Designer Edie Ure uses botanical dyes in her fabulous silk velvet pillows. PHOTO BY EDIE URE
EDIE URE (@EDIEURE) WORKED WITH FASHION DESIGNERS and stylists in Milan, Paris and her hometown of London before moving to New York to design textiles for Ralph Lauren and Calvin Klein. She partnered with Ulla Johnson on a children’s clothing line with prints based on fairy tales. “It was very romantic,” she says. But when she and her family moved to Boulder in 2006, she was at a loss. “My whole life was fashion. It was urban,” she says. “I moved out here, and I was suddenly in nature. I literally didn’t understand the language of being outside at all.”

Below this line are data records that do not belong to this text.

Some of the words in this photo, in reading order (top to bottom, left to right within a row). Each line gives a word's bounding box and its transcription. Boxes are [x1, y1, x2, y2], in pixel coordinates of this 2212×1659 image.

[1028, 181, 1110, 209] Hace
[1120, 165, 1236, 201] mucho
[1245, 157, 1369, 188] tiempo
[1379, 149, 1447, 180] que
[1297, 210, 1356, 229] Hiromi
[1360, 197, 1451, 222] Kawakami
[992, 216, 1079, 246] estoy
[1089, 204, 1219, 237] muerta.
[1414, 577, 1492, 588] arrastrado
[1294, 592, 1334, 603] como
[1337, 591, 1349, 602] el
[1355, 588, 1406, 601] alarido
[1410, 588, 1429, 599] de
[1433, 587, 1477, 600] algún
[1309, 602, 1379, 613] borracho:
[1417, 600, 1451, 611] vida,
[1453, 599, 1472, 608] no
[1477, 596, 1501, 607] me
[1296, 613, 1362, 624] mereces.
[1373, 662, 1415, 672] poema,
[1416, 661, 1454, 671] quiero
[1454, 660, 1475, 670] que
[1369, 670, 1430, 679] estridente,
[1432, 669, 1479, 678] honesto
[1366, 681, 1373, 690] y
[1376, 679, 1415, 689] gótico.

“Natural dyes have more depth than synthetic color,” Ure says. PHOTO BY EDIE URE
Ure took an indigo dye workshop with artist Donna Brown, who founded a natural dyeing garden at the Denver Botanic Gardens. “Her studio was filled with these incredibly beautiful colors from natural dyes,” Ure says. “I got really inspired.” She shared her newfound passion for plant-based dyes with fashion designer Ryan Roche. Using an avocado seed dye from Ure’s natural dye palette, Roche turned cashmere from Oregon goats a lovely pink shade, presenting her looks to Vogue editor Anna Wintour. “Avocado seeds are like the gateway drug to natural dyeing,” Ure says. “That was really my beginning.” New York designers like Aurora James from Brother Vellies began calling Ure for color palettes to make their fashion lines more sustainable.

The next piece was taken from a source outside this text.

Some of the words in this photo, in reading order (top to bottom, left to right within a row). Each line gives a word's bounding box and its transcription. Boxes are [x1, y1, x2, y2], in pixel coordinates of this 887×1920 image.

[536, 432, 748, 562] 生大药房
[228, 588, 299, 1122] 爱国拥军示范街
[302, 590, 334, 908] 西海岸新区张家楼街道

Using Japanese indigo she cultivates at home and foraged materials like pine cones, goldenrod, juniper wood and dandelions, Ure handcrafts gorgeous silk-velvet down-stuffed pillows for shops like Hygge Life in the Vail Valley, Clayton Members Club & Hotel in Denver and Amangiri in Utah. Ure branched out to wallpaper featuring her nature-based artwork using earth pigments, botanical inks and pressed wildflowers. She has been foraging charred wood from Boulder’s recent wildfires, grinding it down to a fine powder to create black ink for drawing. The resulting wallpaper is printed sustainably onto clay-coated paper using water-based inks.
Ure teaches workshops at her home studio and private workshops worldwide. “It’s a way to connect people back to the earth,” she says. She’s done workshops at Hygge Life, and this summer from July 24 to 31, Ure will be teaching a workshop in indigo and botanical fabric dyeing at Zapata Ranch in the San Luis Valley, where she’ll show students how to use indigenous plants like St. John’s wort and rabbitbrush—as well as the bright red cochineal beetles found on prickly pear cactus plants—to create vibrant dyes.
“What I’m trying to do is design from nature using nature,” she says. “If you’re going to bring something into the home, it all needs to resonate.”